Teladoc Health Inc. (NYSE:TDOC) shares pulled back 2% Wednesday morning after several analysts lowered their expectations. The company reported its fiscal second-quarter results on Tuesday, missing analyst expectations on earnings. Analysts cited Teladoc’s slowing growth for their reduced optimism.
George Hill of Deutsche Bank downgraded Teladoc stock from buy to hold with a price target of $153, noting the company may not replicate its 2020/21 growth in the next 12 months.
Hill wrote:
We believe Teladoc has a very good business led by a very strong management team, but that does not make TDOC a good stock.
On the other hand, Evercore ISI analyst Elizabeth Anderson lowered the TDOC stock price target from $170 to $150, citing robust competition, while Stifel’s David Grossman’s is $165 down from $195.
Should you buy Teladoc shares in Q3 2021?

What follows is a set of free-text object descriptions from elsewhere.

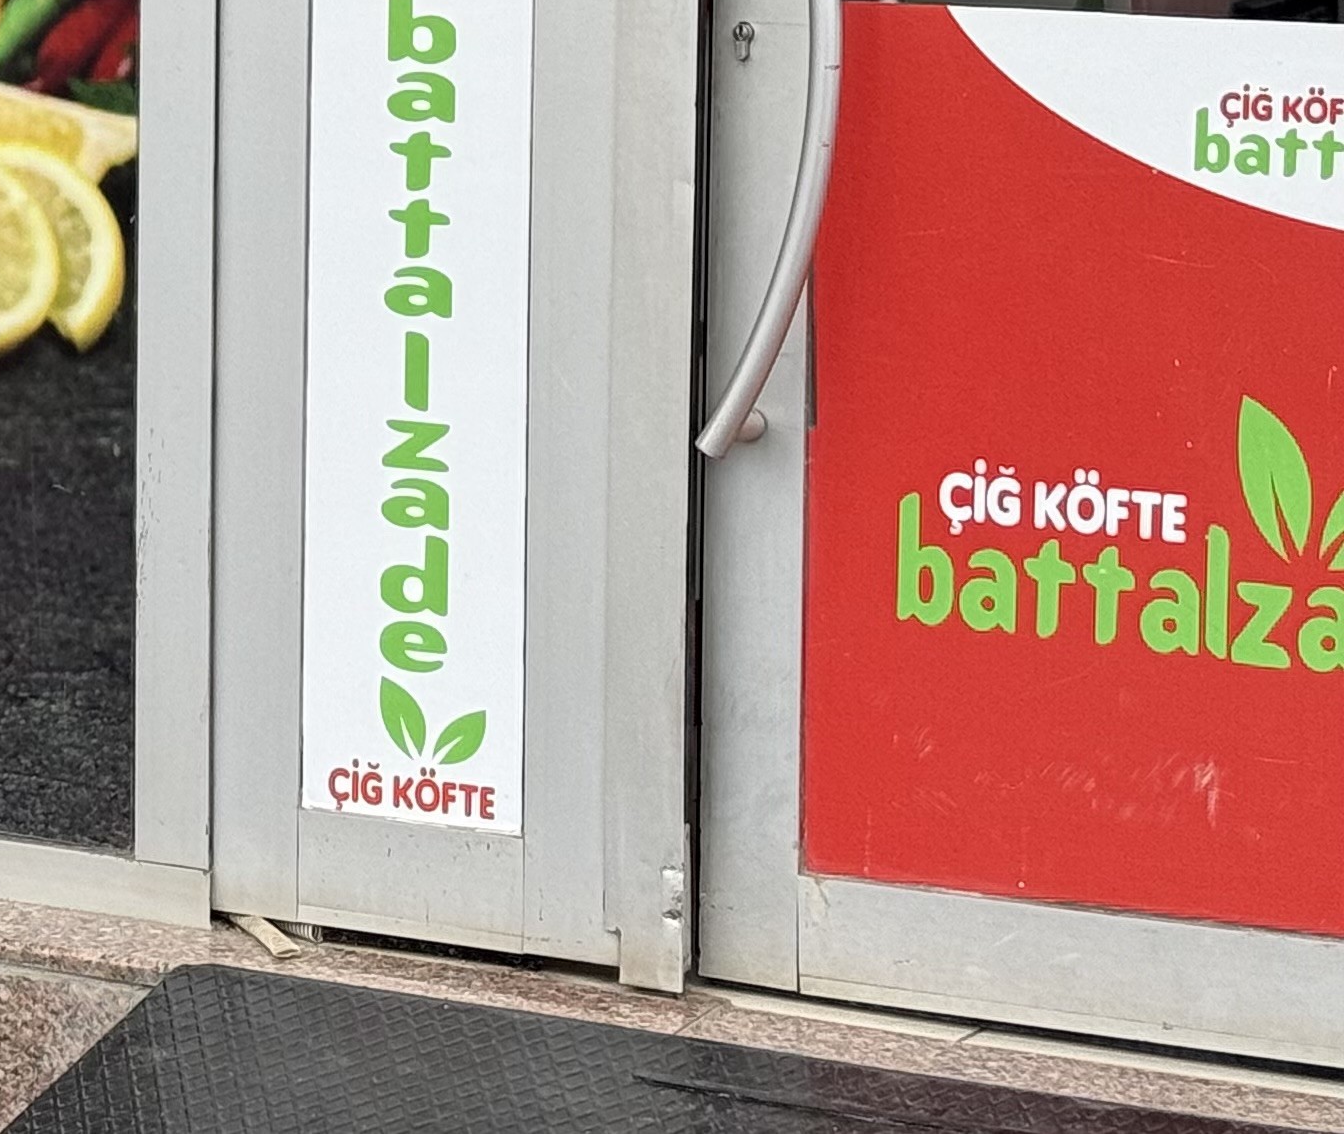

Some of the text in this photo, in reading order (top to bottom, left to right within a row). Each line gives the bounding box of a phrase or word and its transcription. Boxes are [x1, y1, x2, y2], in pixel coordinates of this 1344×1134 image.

[1220, 83, 1273, 128] ÇİĞ
[1194, 107, 1344, 180] batt
[939, 460, 1188, 543] ÇİĞ KÖFTE
[896, 492, 1344, 673] battalza
[328, 760, 495, 818] ÇİĞ KÖFTE

In the most recent earnings report, Teladoc’s Q2 GAAP loss per share of $0.86 missed analyst expectations by $0.32. Analysts expect full-year 2021 earnings to fall by nearly 290% this year before staging a 63.30% recovery next year.
Therefore, things could worsen for TDOC shares before getting better, meaning the stock has limited upside potential this year. Consequently, it would be best to monitor how the company performs over the next few quarters relative to expectations to determine if it is worth buying.
Technical overview: Teladoc stock price predictions for Q3 2021
Although Teladoc shares have pulled back significantly since spiking earlier this year, the stock lacks short-term catalysts to drive recovery. Technically, TDOC shares are yet to hit oversold conditions in the 14-day RSI, leaving more room for declines.